What needs to be done
The entries shown below are to be printed in full, unaltered.

[Records contained in a dataset]
+++

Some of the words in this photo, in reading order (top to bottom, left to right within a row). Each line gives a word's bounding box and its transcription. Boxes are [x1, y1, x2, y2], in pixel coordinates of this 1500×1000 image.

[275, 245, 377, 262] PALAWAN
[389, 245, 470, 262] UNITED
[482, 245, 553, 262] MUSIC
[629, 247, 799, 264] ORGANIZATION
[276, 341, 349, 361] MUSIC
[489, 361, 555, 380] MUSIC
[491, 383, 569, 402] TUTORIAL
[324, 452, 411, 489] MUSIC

+++

Your solution
Some of the words in this photo, in reading order (top to bottom, left to right within a row). Each line gives a word's bounding box and its transcription. Boxes are [x1, y1, x2, y2], in pixel coordinates of this 1500×1000 image.

[275, 245, 377, 262] PALAWAN
[389, 245, 470, 262] UNITED
[482, 245, 553, 262] MUSIC
[629, 247, 799, 264] ORGANIZATION
[276, 341, 349, 361] MUSIC
[489, 361, 555, 380] MUSIC
[491, 383, 569, 402] TUTORIAL
[324, 452, 411, 489] MUSIC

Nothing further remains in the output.